What you will do — Below are records to reproduce in full; copy them exactly but keep the pictures out.

Saved entries —
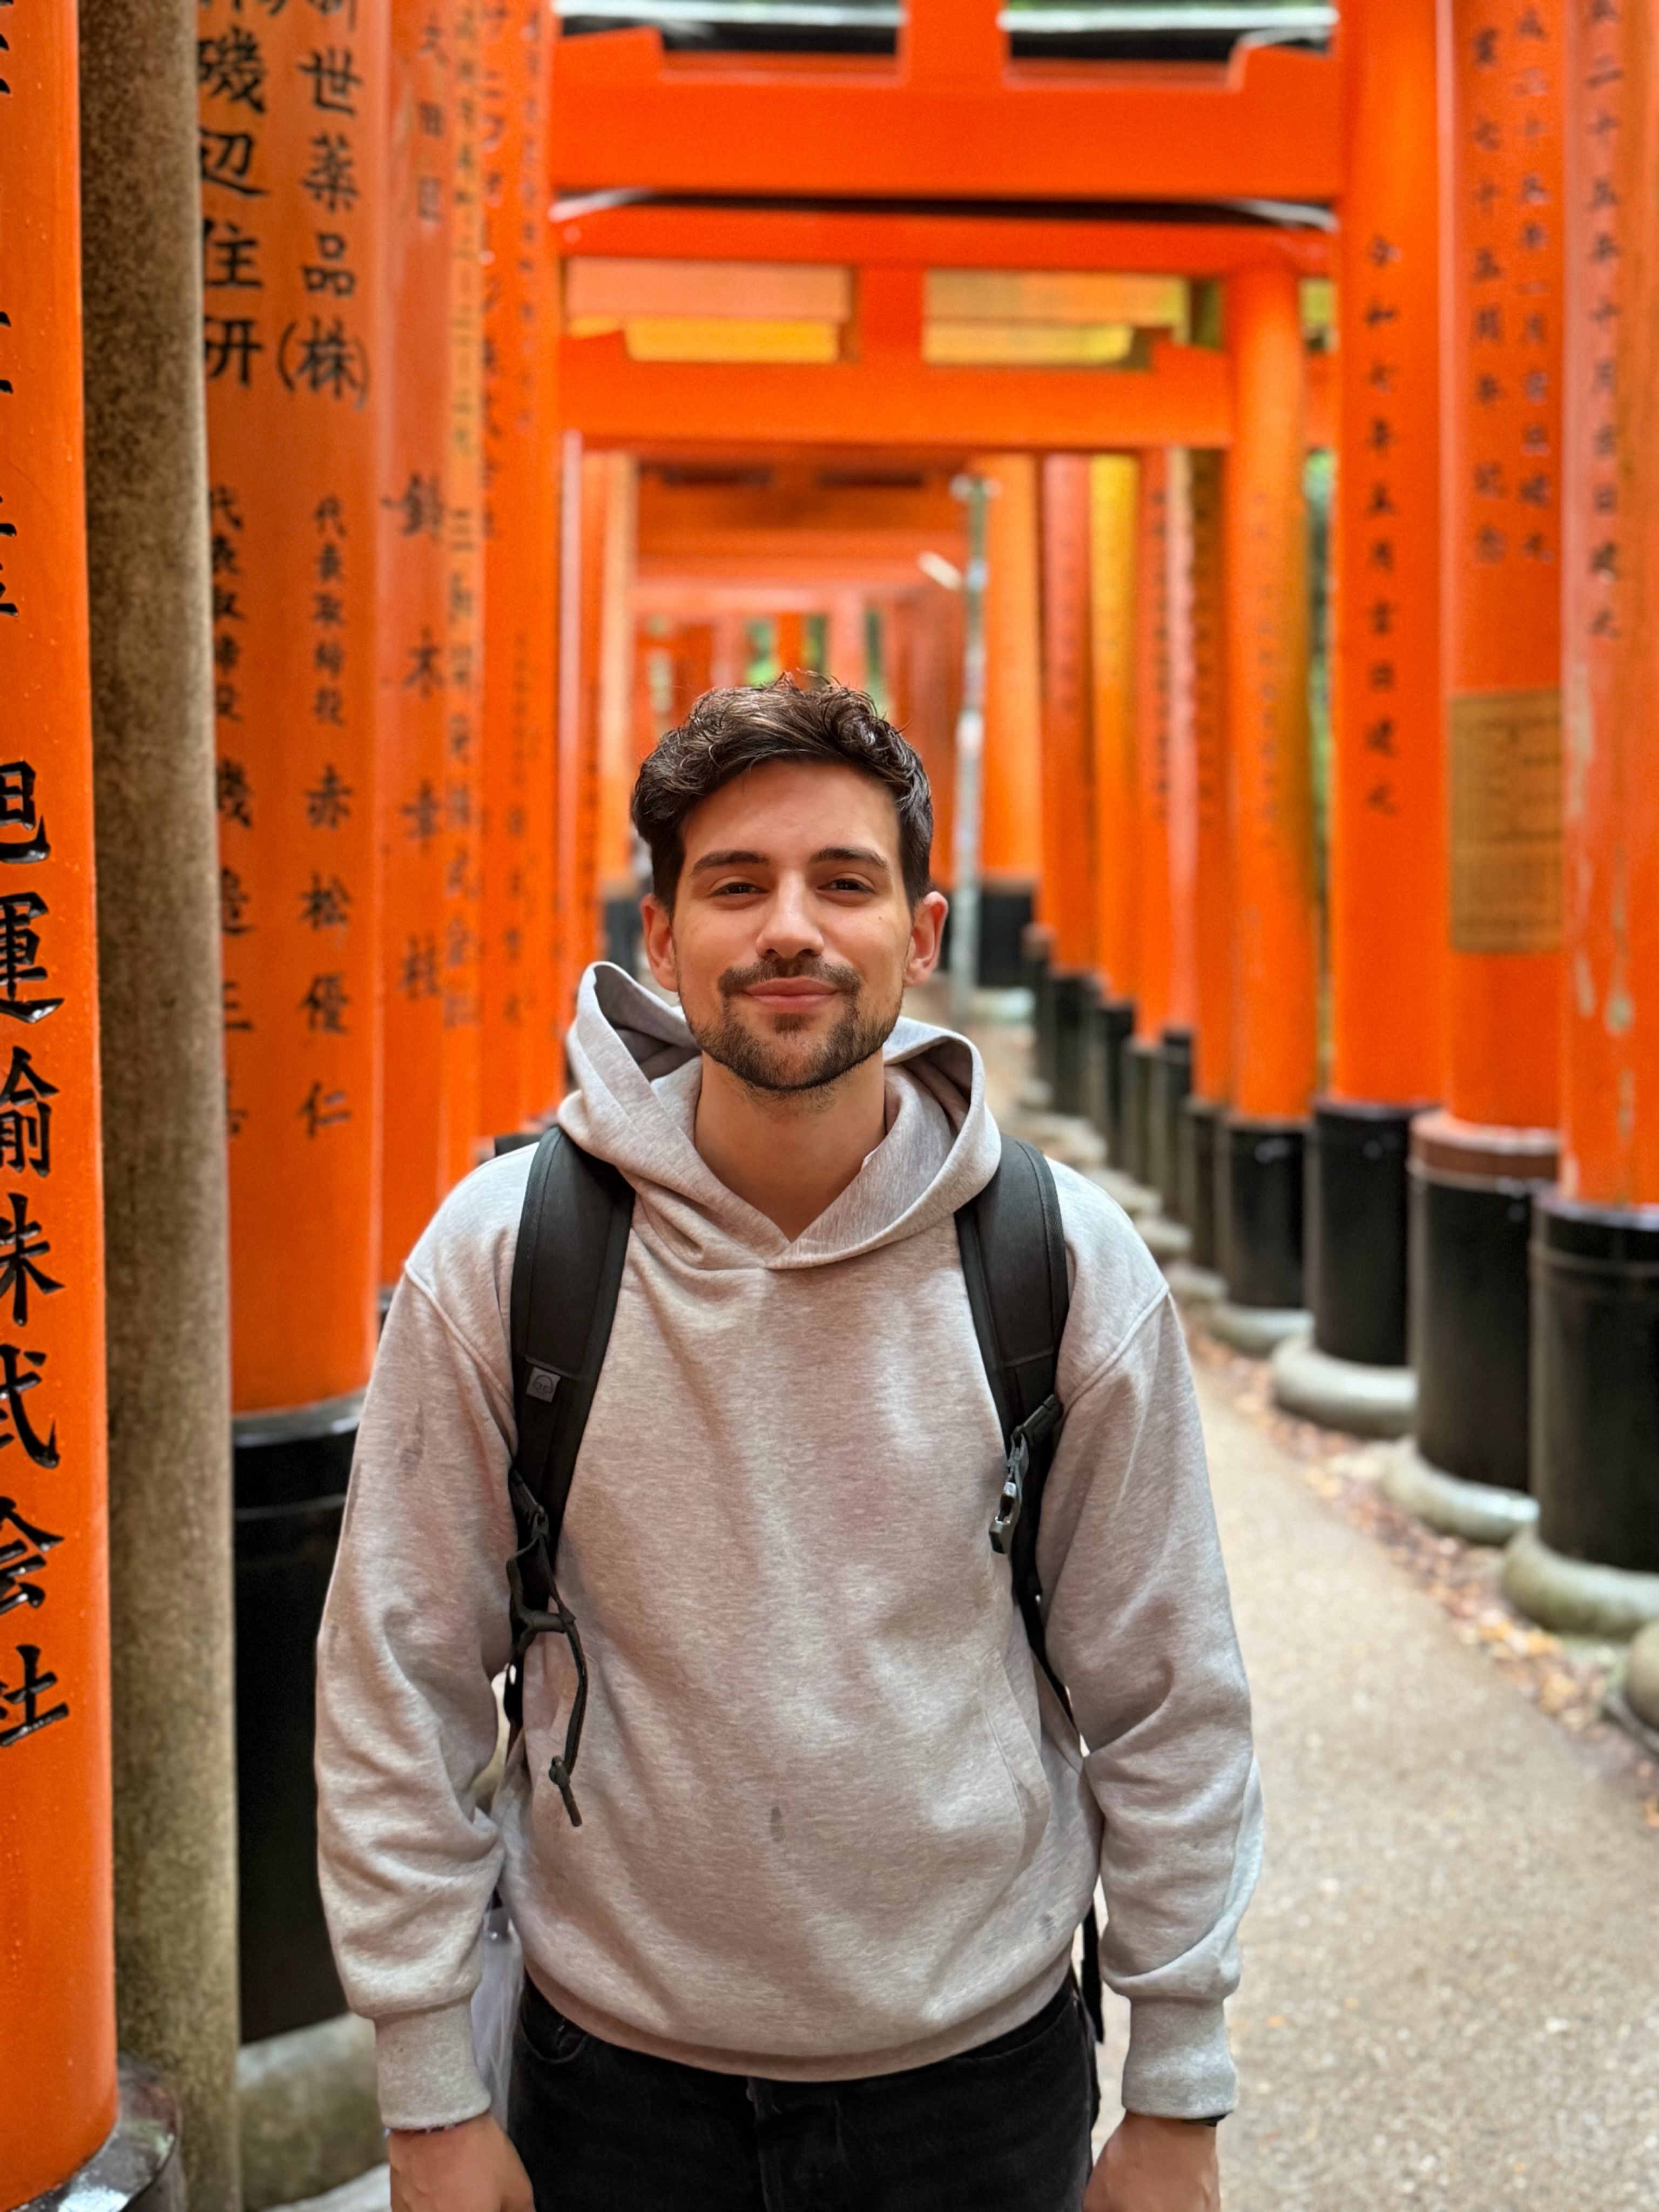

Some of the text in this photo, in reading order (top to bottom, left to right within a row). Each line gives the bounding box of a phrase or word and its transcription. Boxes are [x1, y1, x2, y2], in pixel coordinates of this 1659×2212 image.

[277, 0, 374, 410] 世薬品(株)
[312, 495, 348, 728] 代表取締役
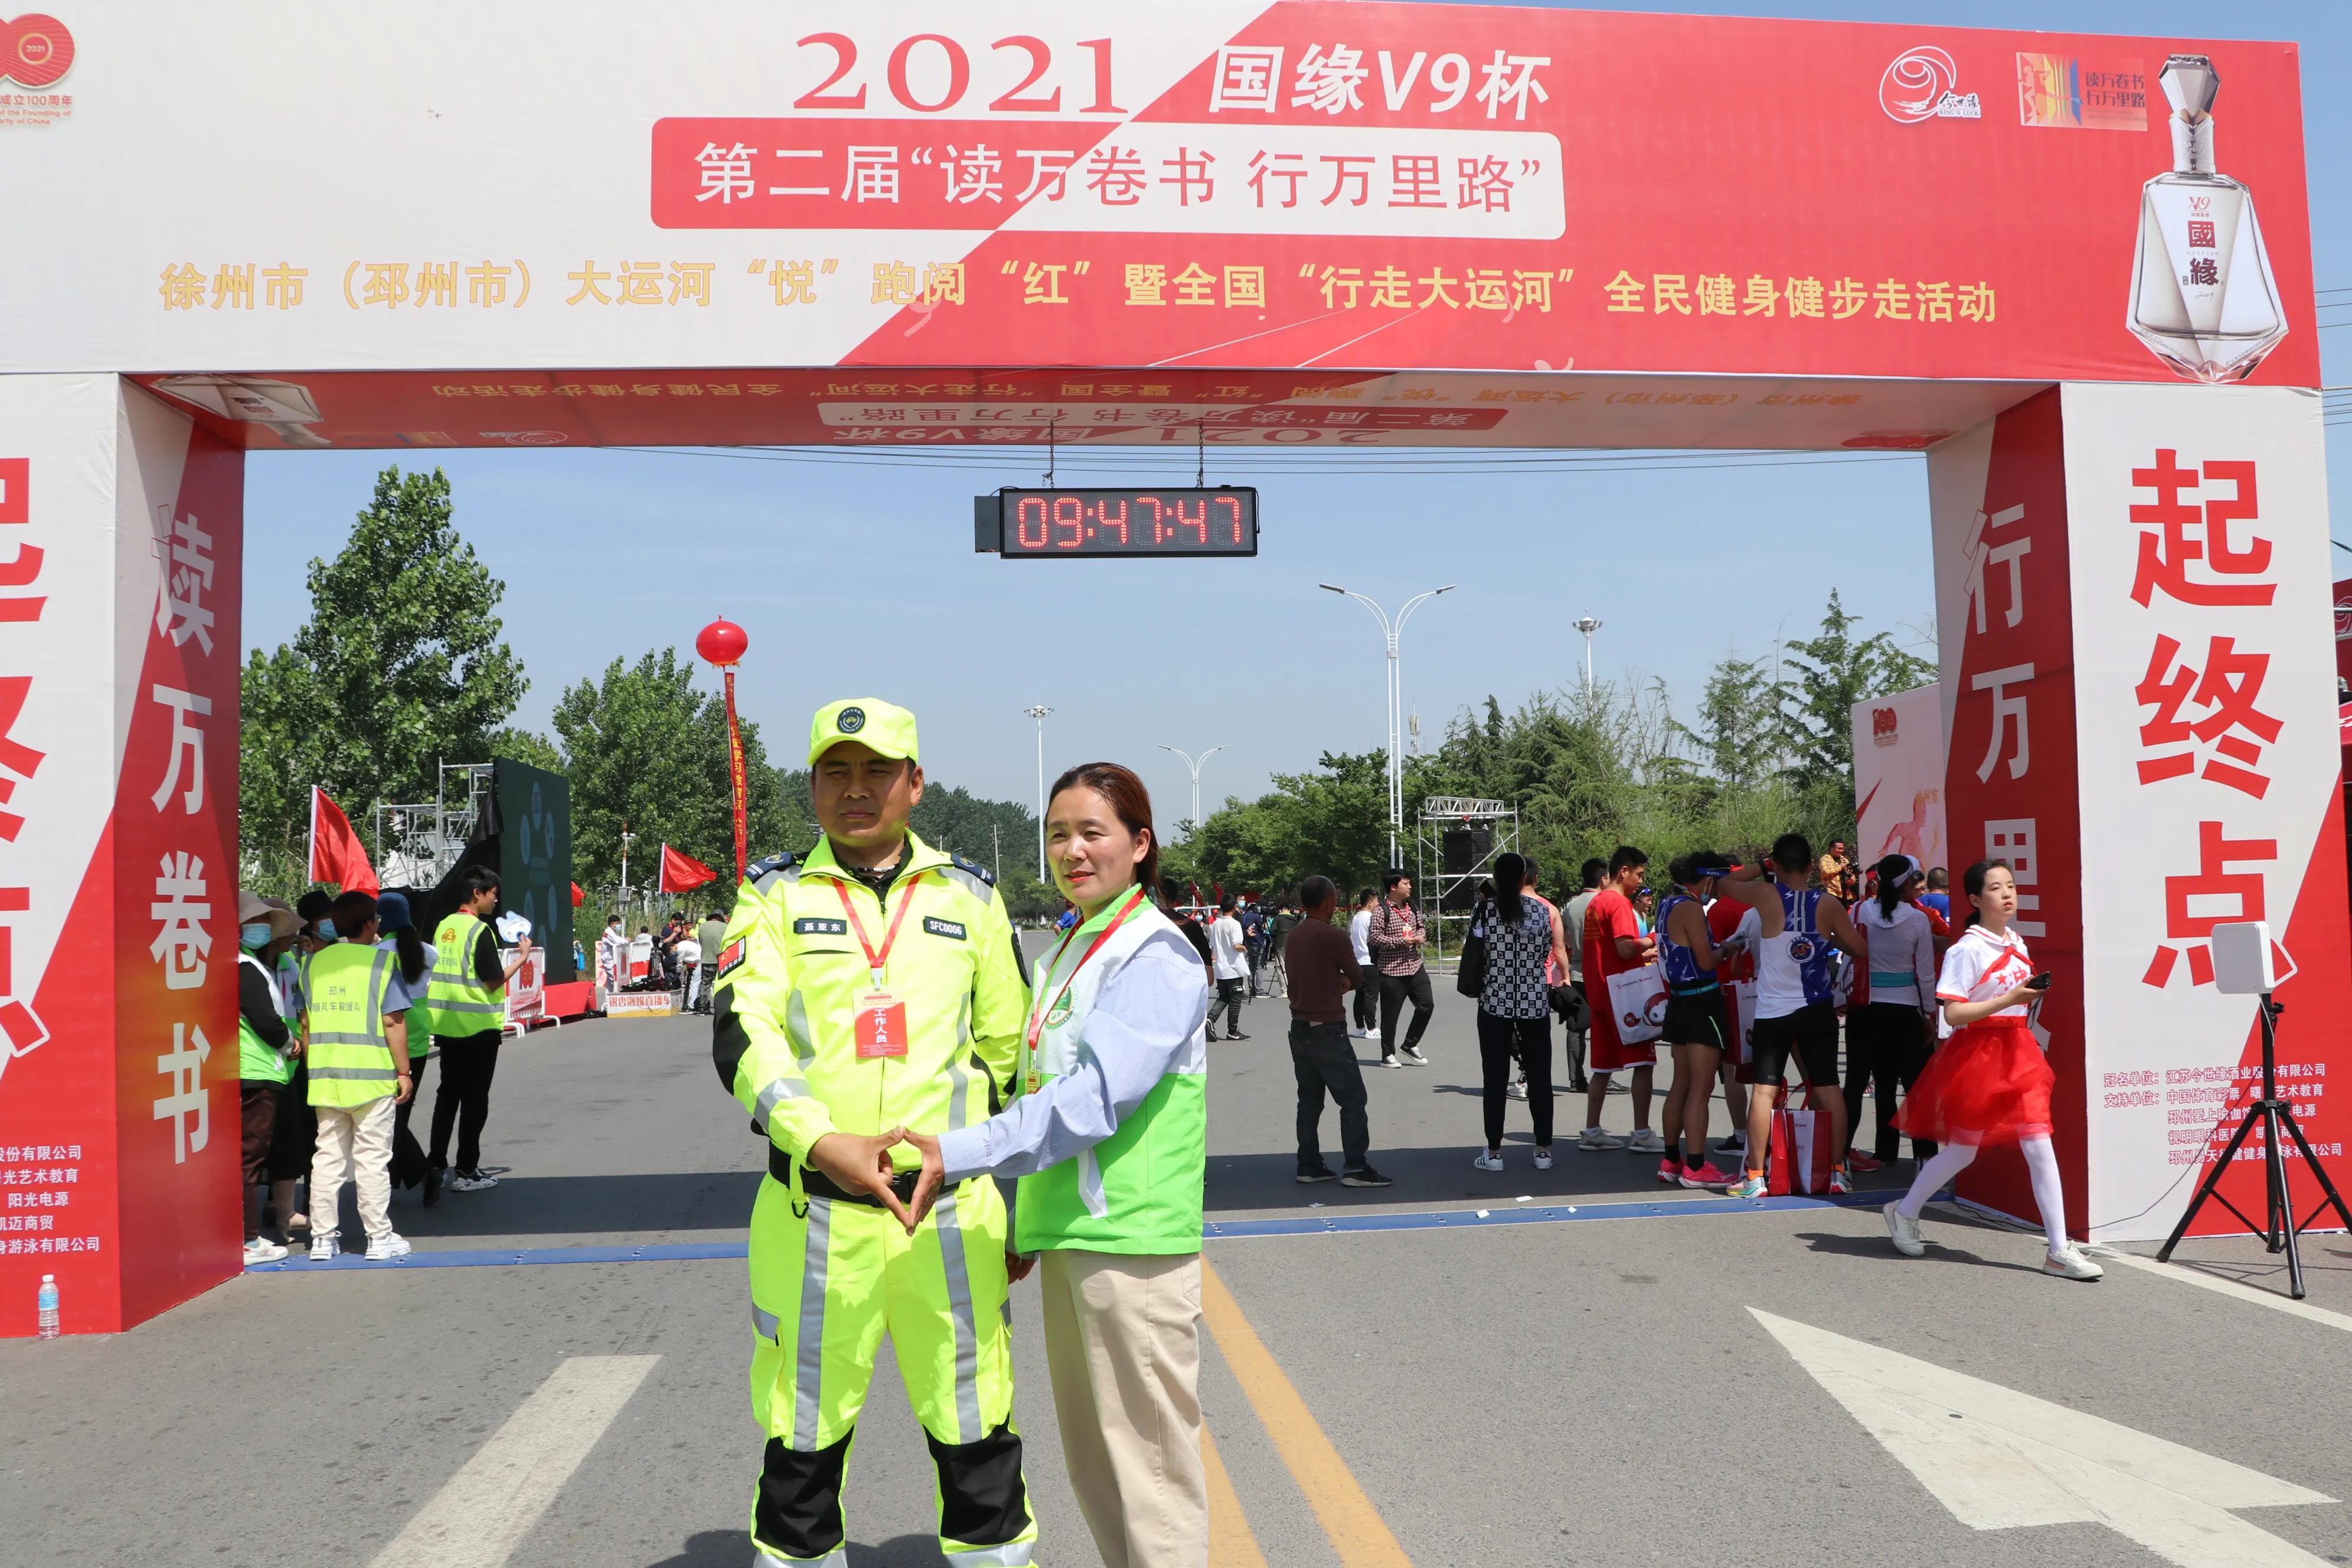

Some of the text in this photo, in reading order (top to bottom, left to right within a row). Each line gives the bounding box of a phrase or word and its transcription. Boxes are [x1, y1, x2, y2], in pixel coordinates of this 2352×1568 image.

[793, 32, 1551, 120] 2021 国缘V9杯
[2086, 71, 2145, 89] 读万卷书
[2086, 90, 2146, 108] 行万里路
[1018, 497, 1240, 547] 09:47:47
[1963, 503, 2052, 1051] 行万里
[149, 504, 214, 1165] 读万卷书
[804, 923, 841, 932] 聂亚东
[929, 920, 962, 935] SFC0006
[874, 1008, 888, 1043] 工作人员
[0, 1168, 79, 1185] 光艺术教育
[8, 1191, 69, 1208] 阳光电源

Output —
Some of the text in this photo, in reading order (top to bottom, left to right within a row). Each line gives the bounding box of a phrase or word and its transcription. Boxes are [x1, y1, x2, y2], in pixel coordinates of this 1659×2212 image.

[277, 0, 374, 410] 世薬品(株)
[312, 495, 348, 728] 代表取締役

Some of the text in this photo, in reading order (top to bottom, left to right within a row). Each line gives the bounding box of a phrase or word and its transcription. Boxes are [x1, y1, x2, y2], in pixel coordinates of this 2352×1568 image.

[793, 32, 1551, 120] 2021 国缘V9杯
[2086, 71, 2145, 89] 读万卷书
[2086, 90, 2146, 108] 行万里路
[1018, 497, 1240, 547] 09:47:47
[1963, 503, 2052, 1051] 行万里
[149, 504, 214, 1165] 读万卷书
[804, 923, 841, 932] 聂亚东
[929, 920, 962, 935] SFC0006
[874, 1008, 888, 1043] 工作人员
[0, 1168, 79, 1185] 光艺术教育
[8, 1191, 69, 1208] 阳光电源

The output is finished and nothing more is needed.